Hack The Box — Meow
HTB Tags: #Linux #Network #AccountMisconfiguration.
This was the very first box in the Starting Point, sixteen target series. So lets make a start and as with any challenge, we start with enumeration.
Having already set up the VPN for Starting Point and ensured that the target was up and running with the provided IP address, let’s see if we can see it and engage.
So what is ping? It is simply a command line method of querying another computer on a network to determine if there is a connection to it. It will provide a binary return in the sence that each ping will either work or it won’t. In order to engage with a machine we should be able to provide a constant string of pings with a successful return result.
ping $IP -c 4
Now that we have successfully pinged this target four times successfully, we can be sure that the link is stable enough to continue. For reference we used the
-c or count switch that will stop after <count> replies. Let’s continue and check for open ports on the target.

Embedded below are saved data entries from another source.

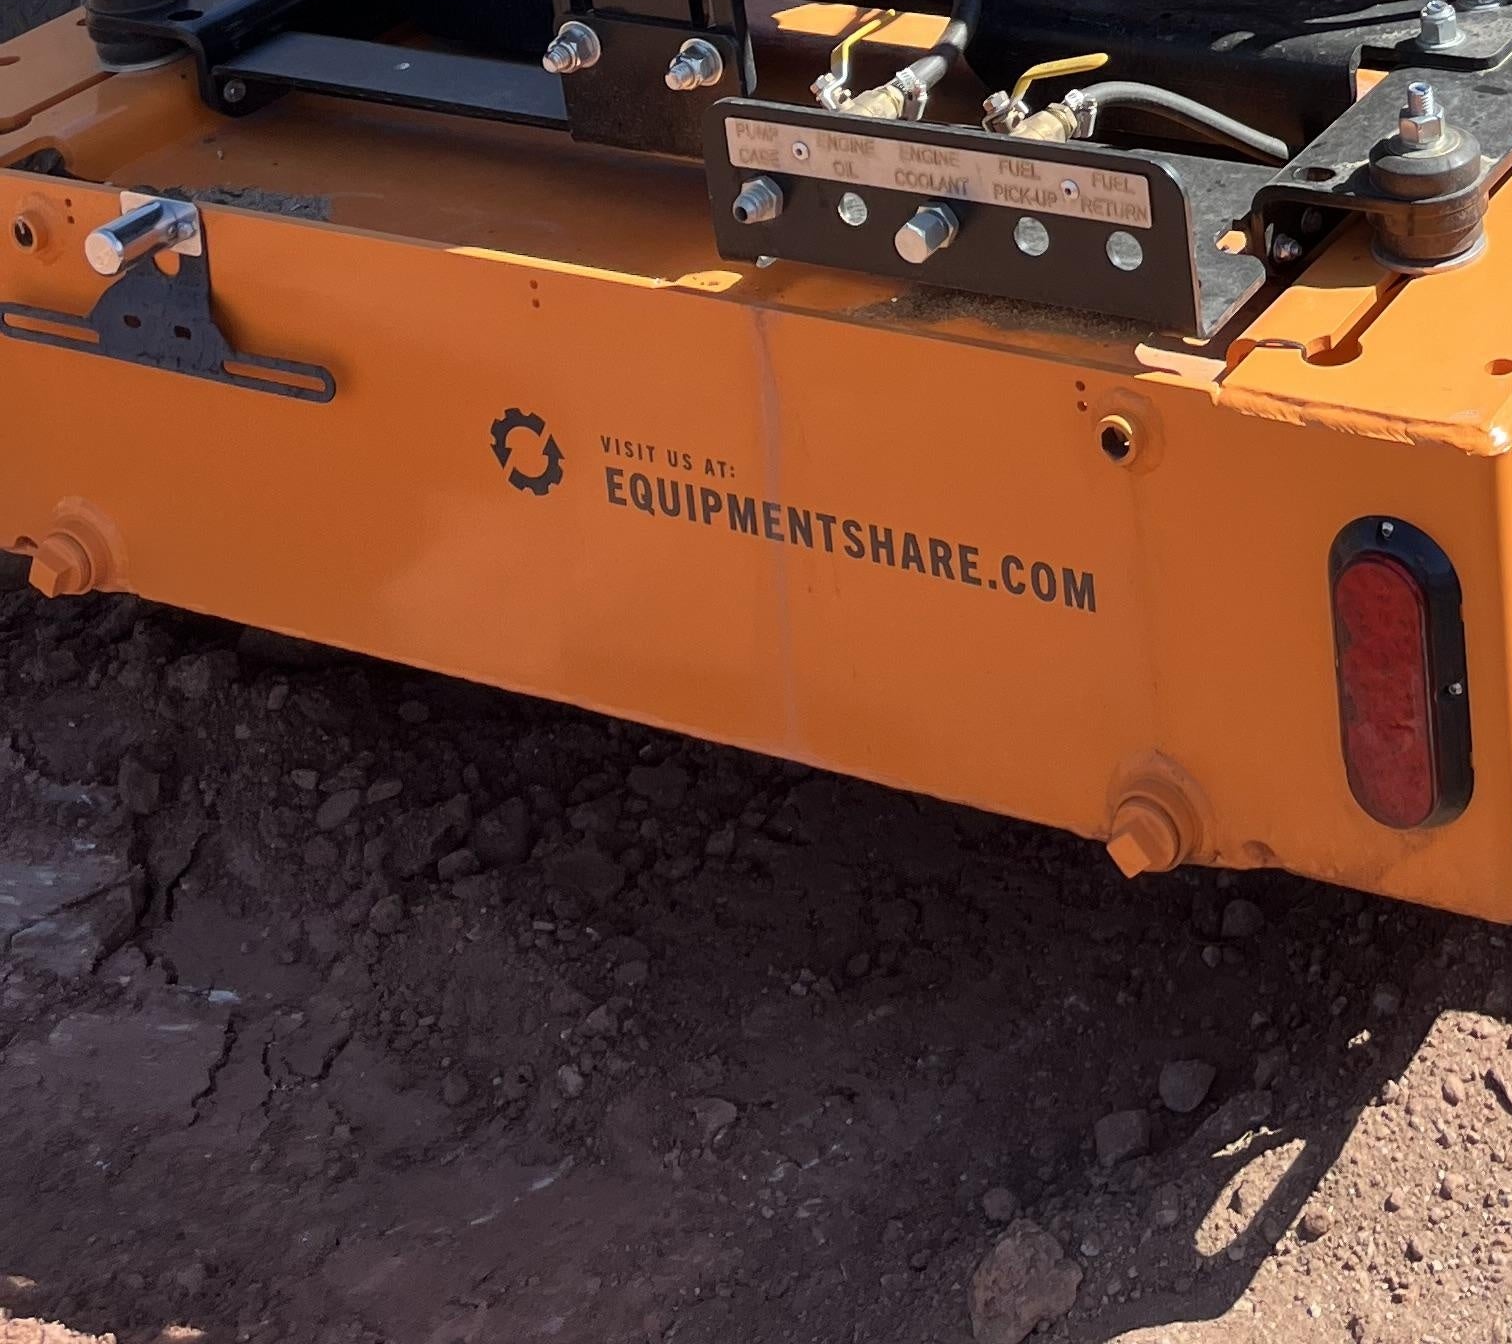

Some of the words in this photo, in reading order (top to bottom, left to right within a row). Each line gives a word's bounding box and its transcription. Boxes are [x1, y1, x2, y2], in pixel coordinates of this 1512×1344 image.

[735, 121, 779, 142] PUMP
[815, 132, 876, 156] ENGINE
[898, 144, 961, 167] ENGINE
[737, 147, 780, 167] CASE
[833, 161, 859, 179] OIL
[998, 158, 1041, 181] FUEL
[894, 168, 970, 196] COOLANT
[1091, 172, 1135, 195] FUEL
[993, 183, 1058, 209] PICK-UP
[1081, 197, 1148, 222] RETURN
[600, 435, 655, 462] VISIT
[667, 449, 692, 471] US
[704, 458, 736, 479] AT:
[605, 466, 1097, 613] EQUIPMENTSHARE.COM

So what is nmap? Straight from the horses mouth (or rather their website:
Nmap (“Network Mapper”) is a free and open source (license) utility for network discovery and security auditing.

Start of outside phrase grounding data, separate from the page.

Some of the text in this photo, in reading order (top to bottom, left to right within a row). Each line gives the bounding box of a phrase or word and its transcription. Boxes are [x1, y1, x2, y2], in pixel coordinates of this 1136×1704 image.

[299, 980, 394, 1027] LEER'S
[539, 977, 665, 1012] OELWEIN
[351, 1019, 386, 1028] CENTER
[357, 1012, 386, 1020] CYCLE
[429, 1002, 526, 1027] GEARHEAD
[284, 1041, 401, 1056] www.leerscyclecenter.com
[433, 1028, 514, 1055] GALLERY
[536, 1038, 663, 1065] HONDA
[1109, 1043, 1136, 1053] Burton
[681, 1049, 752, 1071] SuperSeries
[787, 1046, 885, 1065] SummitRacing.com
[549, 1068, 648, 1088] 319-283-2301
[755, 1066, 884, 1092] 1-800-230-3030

This will allow us find and check the network connectivity for our target and how we can interact with it.
Using nmap on the default setting, we have found port 23 (telnet) open, so we can use it to access the target. Futher details can be found here: https://www.speedguide.net/port.php?port=23
It is a network protocol that allows communication between a user on one computer to log into another computer that is part of the same network infrastructure. So let’s see what it provides us with.

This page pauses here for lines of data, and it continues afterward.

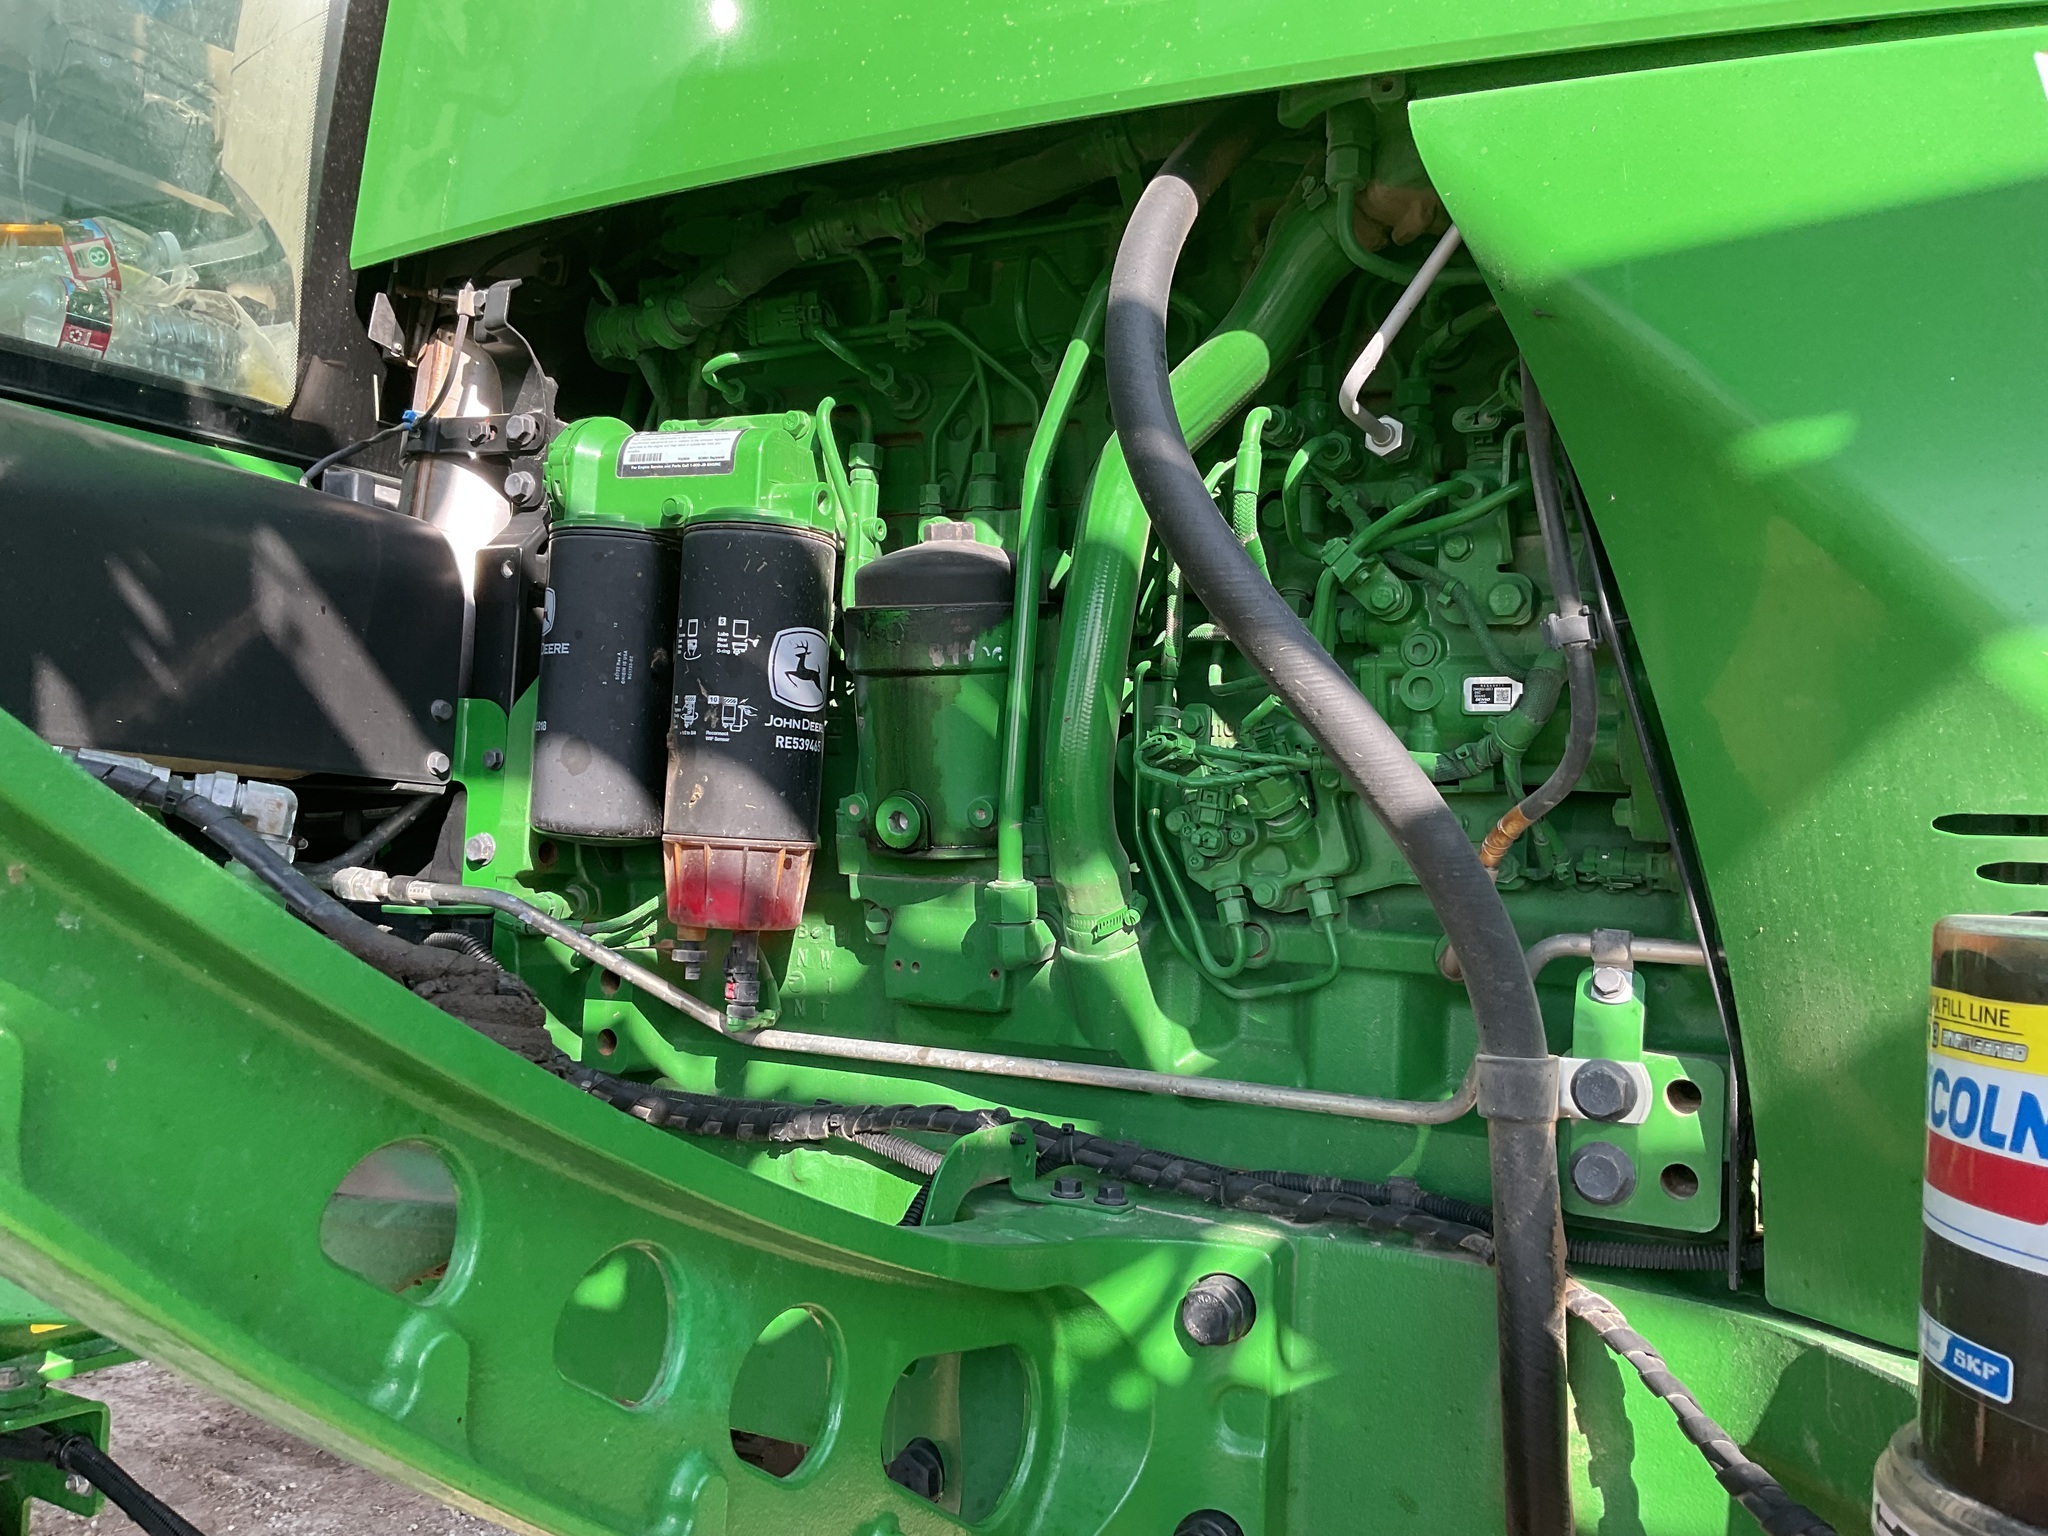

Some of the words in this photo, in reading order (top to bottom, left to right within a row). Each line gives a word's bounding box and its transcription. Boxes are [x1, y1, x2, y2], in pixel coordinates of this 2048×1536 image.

[541, 642, 570, 656] DEERE
[764, 714, 801, 730] JOHN
[775, 735, 821, 752] RE539465
[1941, 997, 1966, 1019] FILL
[1969, 1003, 2011, 1029] LINE
[1953, 1347, 2000, 1380] SKF

As the first target, we were really just looking to enumerate the box and once we had found the port number and therefore the method to gain access to it, the supplied default logins, such as admin, administrator or root should be tested. Looks like we get in with root.
exploit and find the flag
With access as root, we can look for the flag. Normally each box has two flags. These are found in user.txt and root.txt. These are then entered into the HTB console to capture the flag.
This was a nice machine that introduces two important elements within enumeration. Firstly, communicating with a system by ensuring it is availble (ping) and secondly, ensuring that you understand the available ports, what they can and indeed what tools are available to you to enable access.